In 2003 in France’s biggest corporate sleaze trial in which several former executives of the oil Giant Elf were jailed payments totaling $16.7 million were alleged to have been made to Omar Bongo in exchange for Elf being given preference over British and US oil firms. [View on BBC]
French interests have been decisive in determining leadership in Gabon since Independence;
Wikipedia- French logging interests poured funds into the successful election campaign of M’ba, an ‘evolué’ from the coastal region. After M’ba’s accession to power, the press was suppressed, political demonstrations banned, freedom of expression curtailed, other political parties gradually excluded from power and the Constitution changed along French lines to vest power in the Presidency, a post that M’ba assumed himself. However, when M’ba dissolved the National Assembly in January 1964 to institute one-party rule, an army coup sought to oust him from power and restore parliamentary democracy.

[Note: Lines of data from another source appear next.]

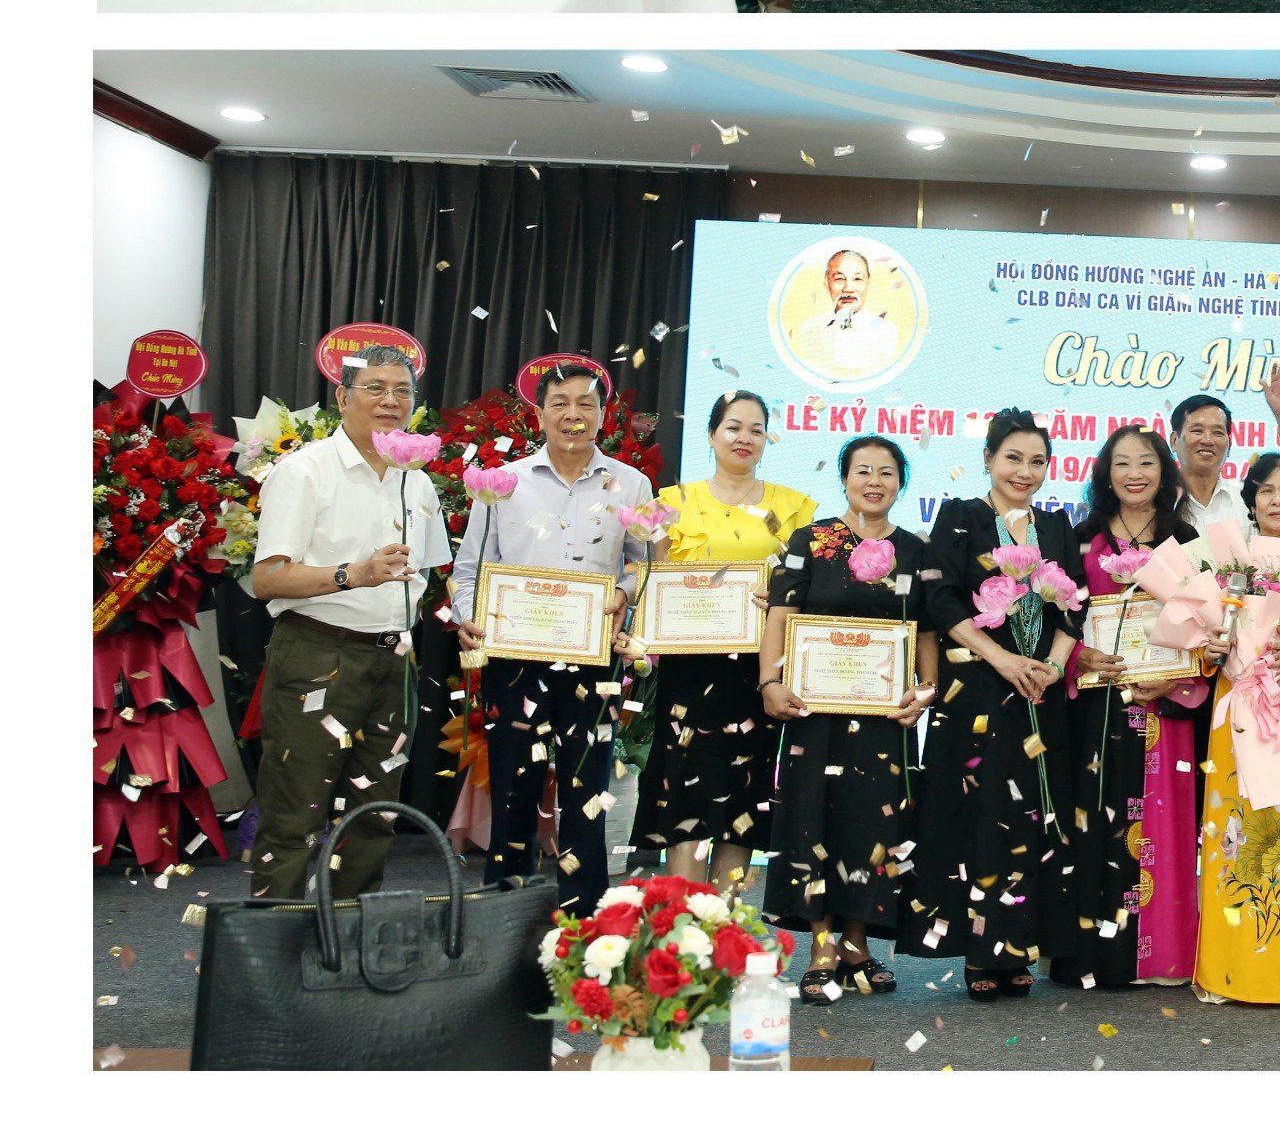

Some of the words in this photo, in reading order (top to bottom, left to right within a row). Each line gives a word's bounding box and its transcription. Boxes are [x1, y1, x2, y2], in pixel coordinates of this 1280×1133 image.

[996, 259, 1025, 282] HỘI
[1031, 259, 1078, 281] ĐỒNG
[1085, 265, 1144, 284] HƯƠNG
[1202, 271, 1226, 287] AN
[1244, 270, 1266, 289] HÀ
[1017, 289, 1049, 306] CLB
[1055, 288, 1091, 308] DÂN
[1097, 293, 1119, 310] CA
[1126, 292, 1141, 311] VÍ
[1199, 296, 1244, 318] NGHỆ
[1043, 330, 1184, 389] Chào
[830, 398, 868, 433] KỶ
[877, 404, 955, 441] NIỆM
[1046, 407, 1096, 441] ĂM

The extent to which M’ba’s dictatorial regime was synonymous with “French Interests” then became blatantly apparent when French paratroopers flew in within 24 hours to restore M’ba to power. After a few days of fighting, the coup was over and the opposition imprisoned, despite widespread protests and riots. The French government was unperturbed by international condemnation of the intervention; and paratroops still remain in the Camp de Gaulle on the outskirts of Gabon’s capital. When M’Ba died in 1967, Bongo replaced him as president, and continued to be the head of state until his death in 2009, winning each contested election with a substantial majority.